Since the couple’s marriage, Hanks has become a hugely successful actor, but Wilson says she lives “in the freudenfreude,” which means “someone else’s success does not diminish my own.” She can be happy for her husband’s success while also recognizing her own.
Although her children are all grown up, Wilson confirms that a mother’s job never ends, stating that when “Marc Forster, the director of ‘A Man Called Otto,'” asked to meet with her son Truman, her maternal instincts kicked in, and she had to ignore them and let her son figure things out.
“I stayed out of that process because I didn’t want to have any influence,” she explained. “It’s a director’s decision, and I didn’t want to make my own son unhappy by asking, ‘Mom, why are you pressuring me to do this?’ So staying out of it was a choice, and I applaud him for it.”

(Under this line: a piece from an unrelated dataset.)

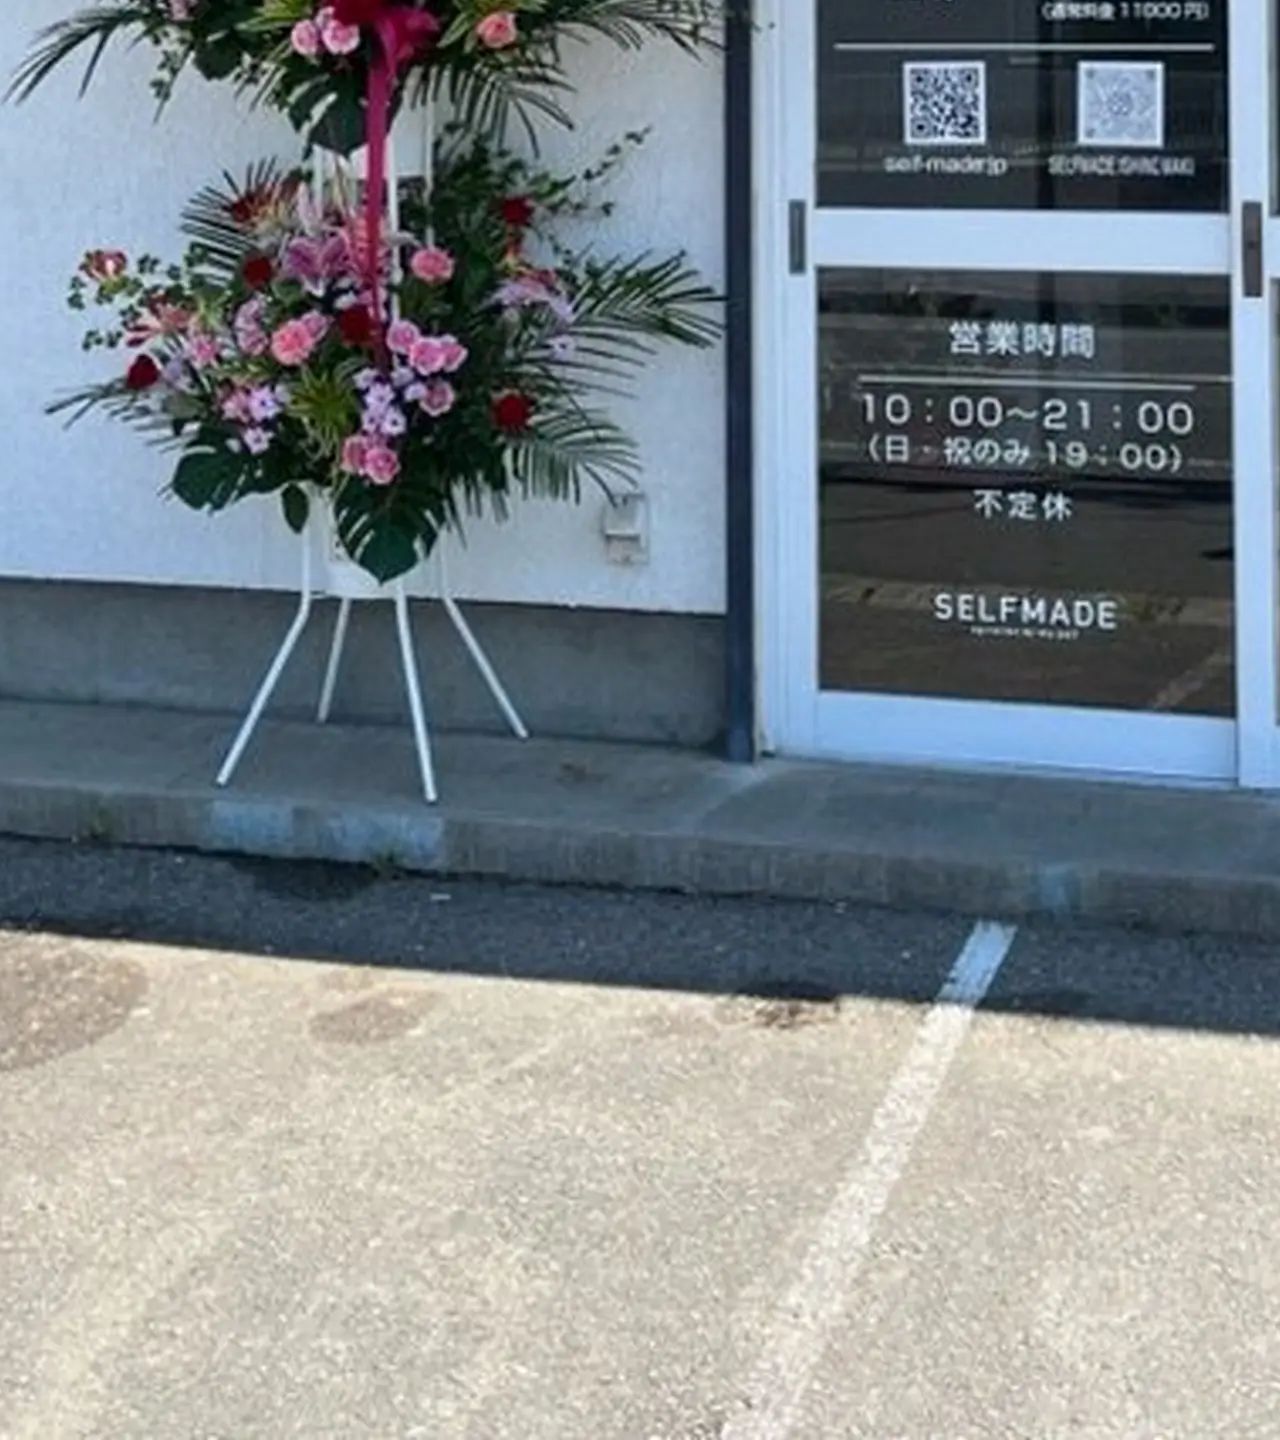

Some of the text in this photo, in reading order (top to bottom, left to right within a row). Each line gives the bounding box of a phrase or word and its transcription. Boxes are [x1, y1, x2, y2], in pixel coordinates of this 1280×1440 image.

[948, 320, 1097, 359] 営業時間
[973, 489, 1074, 520] 不定休
[934, 593, 1118, 630] SELFMADE

While she initially thought he wouldn’t want to act in the film because he was going to study to be a cinematographer, Truman plays the younger version of his father’s character.
Wilson returned to acting in “Now and Then,” “Runaway Bride,” “Old Dogs,” and “My Big Fat Greek Wedding 2,” but she has since shifted her focus to producing and singing. She produced “My Big Fat Greek Wedding” and “Mamma Mia,” and released her first album, “AM/FM,” in 2012, after being inspired to start songwriting by Bruce Springsteen.
“Because I came into music later in life, I doubted myself because I knew there were people with more experience than me,” Wilson explained. “I asked Bruce, a family friend, at the time, ‘Bruce, what makes me think I can start writing now when you’ve been doing it all your life?’ ‘Because, Reets, creativity is time independent,’ he explained.”
Wilson’s most recent musical achievement is making the Oscars shortlist for her original song ‘Til You’re Home,’ which she sings as a duet with Columbian singer Sebastián Yatra for the “A Man Called Otto” soundtrack.
Wilson explained that “everyone wants to find a home or a place where they feel most themselves,” and that “home is where the family is, not where the house is.” She went on “I’ve always said this because our job takes us all over the place. My family is my base and safe place.”